A 3-month-old boy presented with progressive increase of head circumference and decreased oral intake. Imaging studies revealed a large postcontrast enhancing right cerebellar tumor. His family history was significant for childhood medulloblastoma. The patient underwent tumor excision at an outside institution, and then the case was sent to Mayo Clinic for neuropathology consultation.
The resection specimen showed an embryonal “small blue cell” tumor with multinodular reticulin-free areas displaying variable neurocytic maturation within a neuropil-like fibrillary matrix surrounded by densely packed, hypercellular reticulin-rich areas. By immunohistochemistry, the tumor cells were positive for synaptophysin, GAB1 (cytoplasmic), YAP (nuclear and cytoplasmic) and beta-catenin (cytoplasmic). The expression of p53 was low. These findings were consistent with the diagnosis of desmoplastic/nodular medulloblastoma (historically defined) and medulloblastoma, SHH-activated and TP53-wild-type (genetically defined), WHO grade IV.
Given the reported positive family history for medulloblastoma, Mayo Clinic Laboratories’ Neuro-Oncology Expanded NGS Panel was performed.

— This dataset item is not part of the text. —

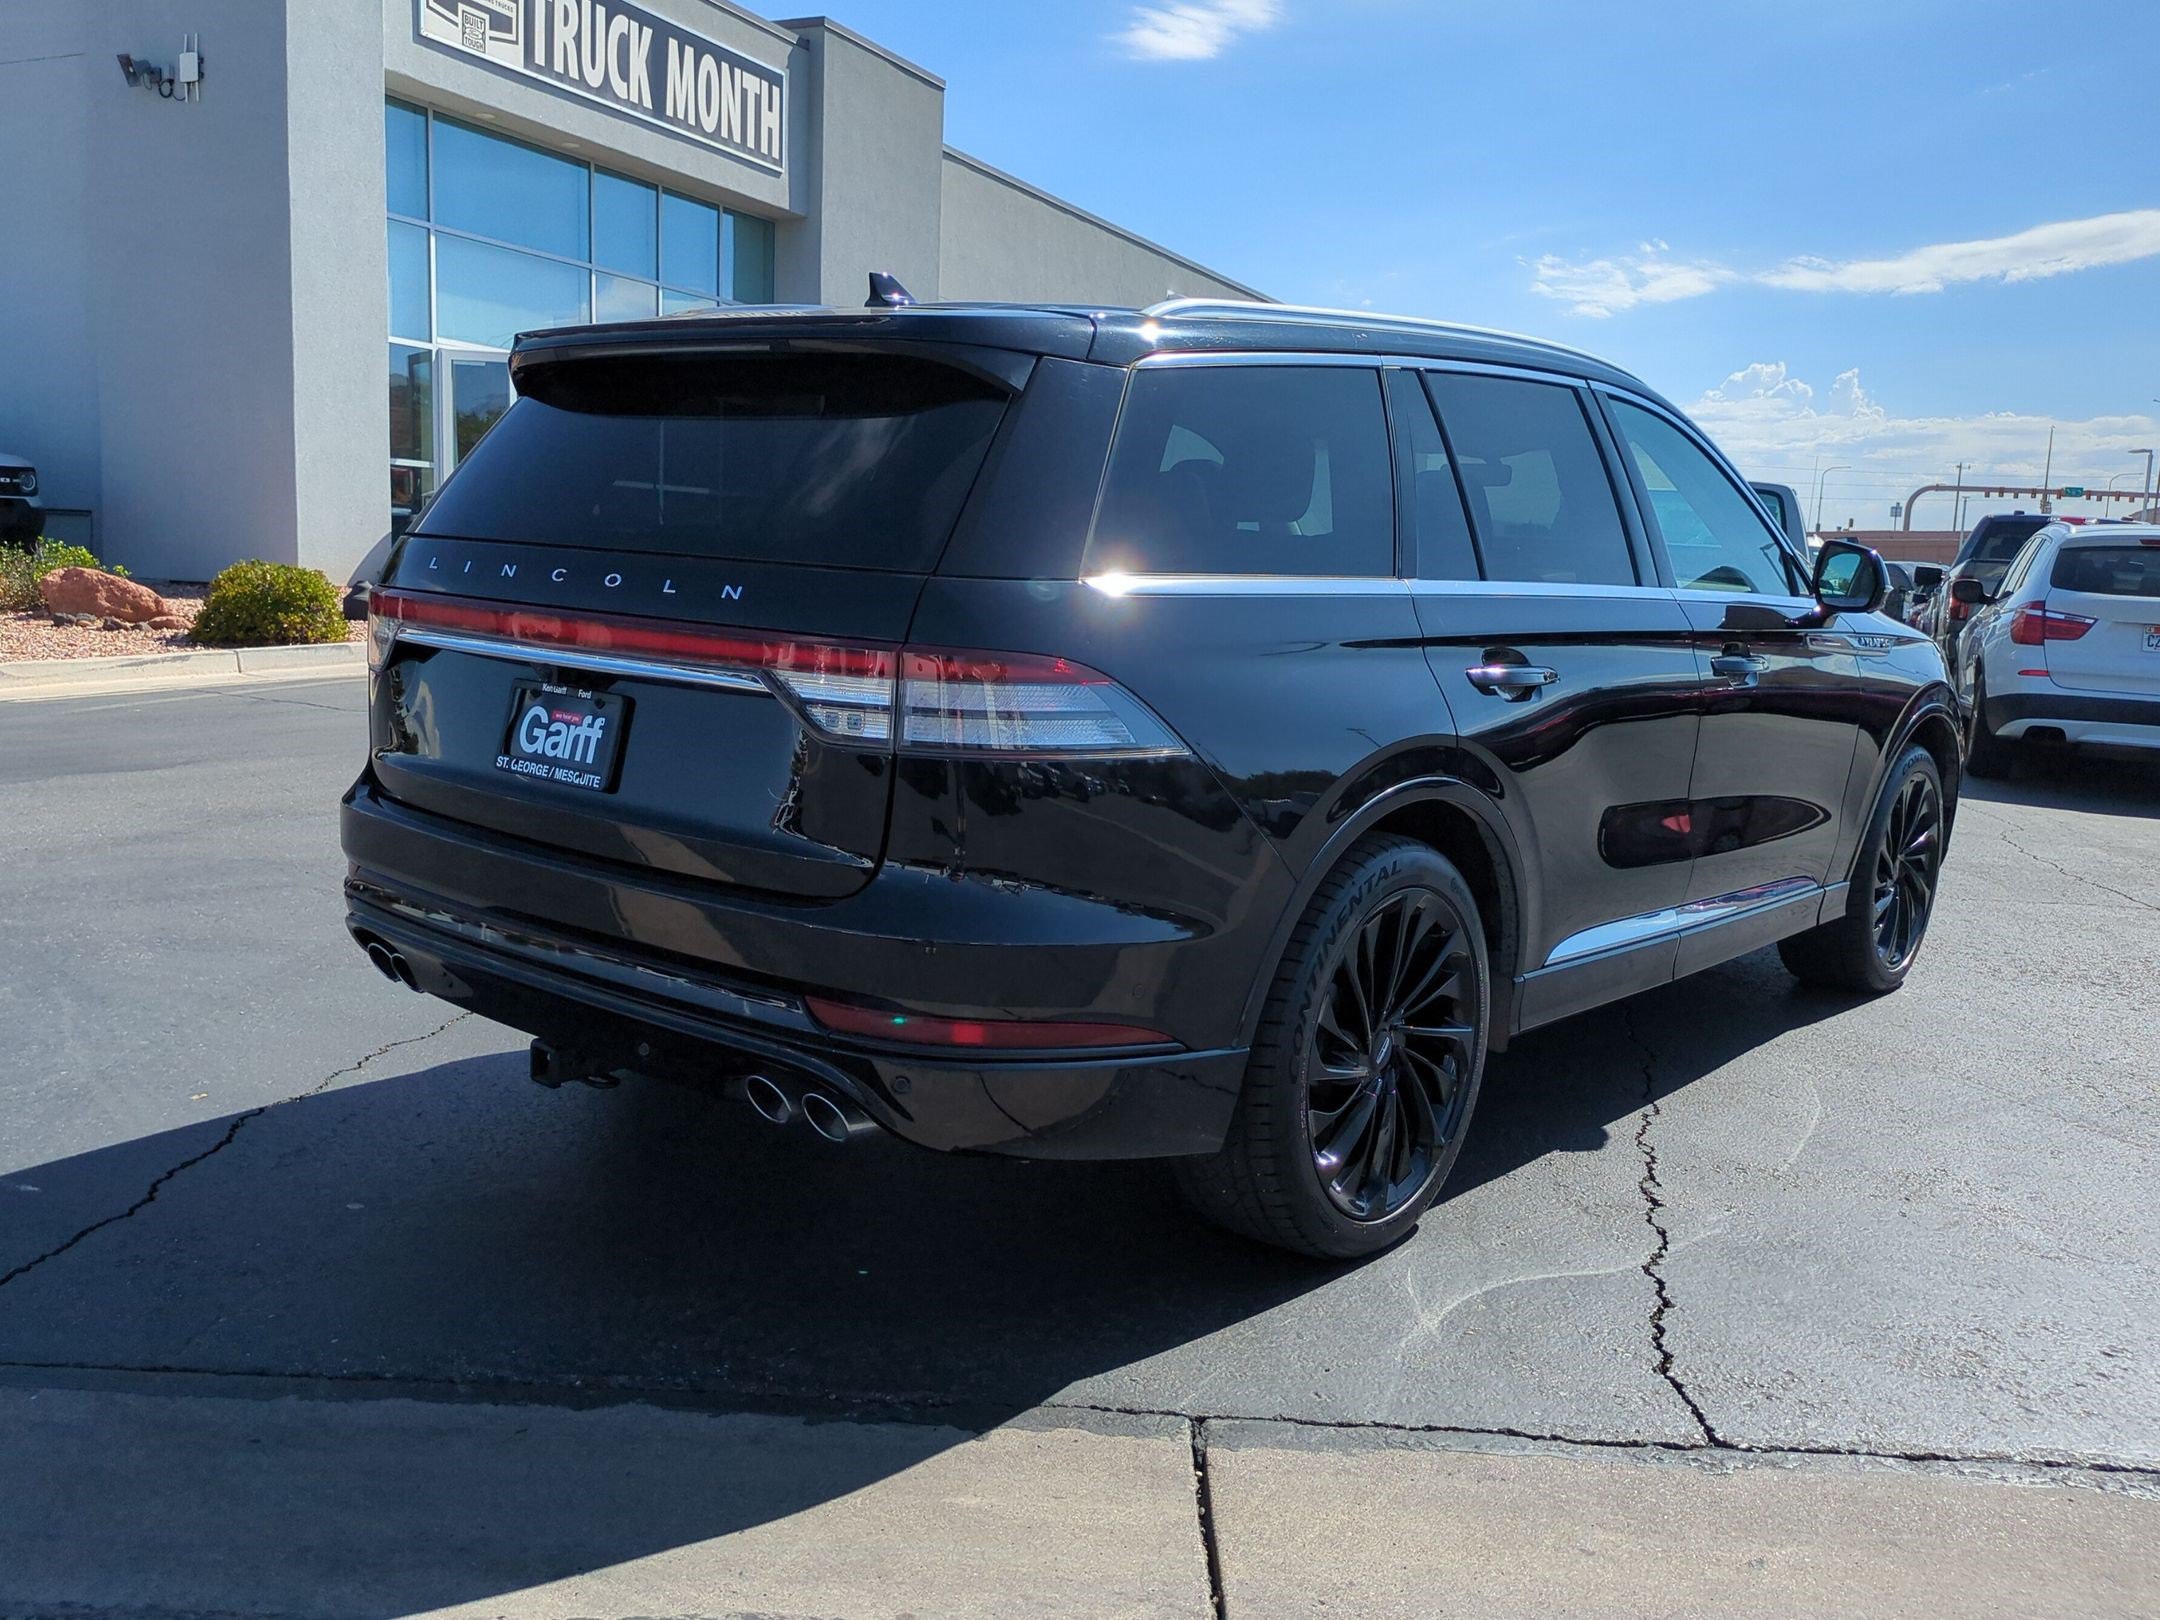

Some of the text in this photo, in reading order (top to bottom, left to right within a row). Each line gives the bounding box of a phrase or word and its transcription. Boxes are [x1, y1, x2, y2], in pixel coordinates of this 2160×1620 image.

Figure 1. Histopathological findings
The NGS panel showed a SUFU mutation and no TP53 mutation, further supporting the diagnosis of medulloblastoma, SHH-activated and TP53-wild-type, WHO grade IV.
The SUFU mutation was identified at 100% allelic frequency, suggesting a germline (i.e., constitutional) rather than somatic (i.e., tumor-specific) origin, in keeping with the family history for medulloblastoma.
FISH testing was also performed and showed no evidence of monosomy 6 (associated with WNT Group) nor MYCN or MYC gene amplification (associated with Groups 3 and 4).
Figure 2. SUFU mutation at 100% variant allelic frequency
Genetically defined medulloblastoma is currently divided into the following main subtypes: WNT-activated, SHH-activated, and non-WNT/non-SHH Group 3 and Group 4.1
Histologically defined desmoplastic/nodular medulloblastoma is almost exclusively SHH-activated. SHH-activated medulloblastoma is further divided in TP53-mutant and TP53-wild-type.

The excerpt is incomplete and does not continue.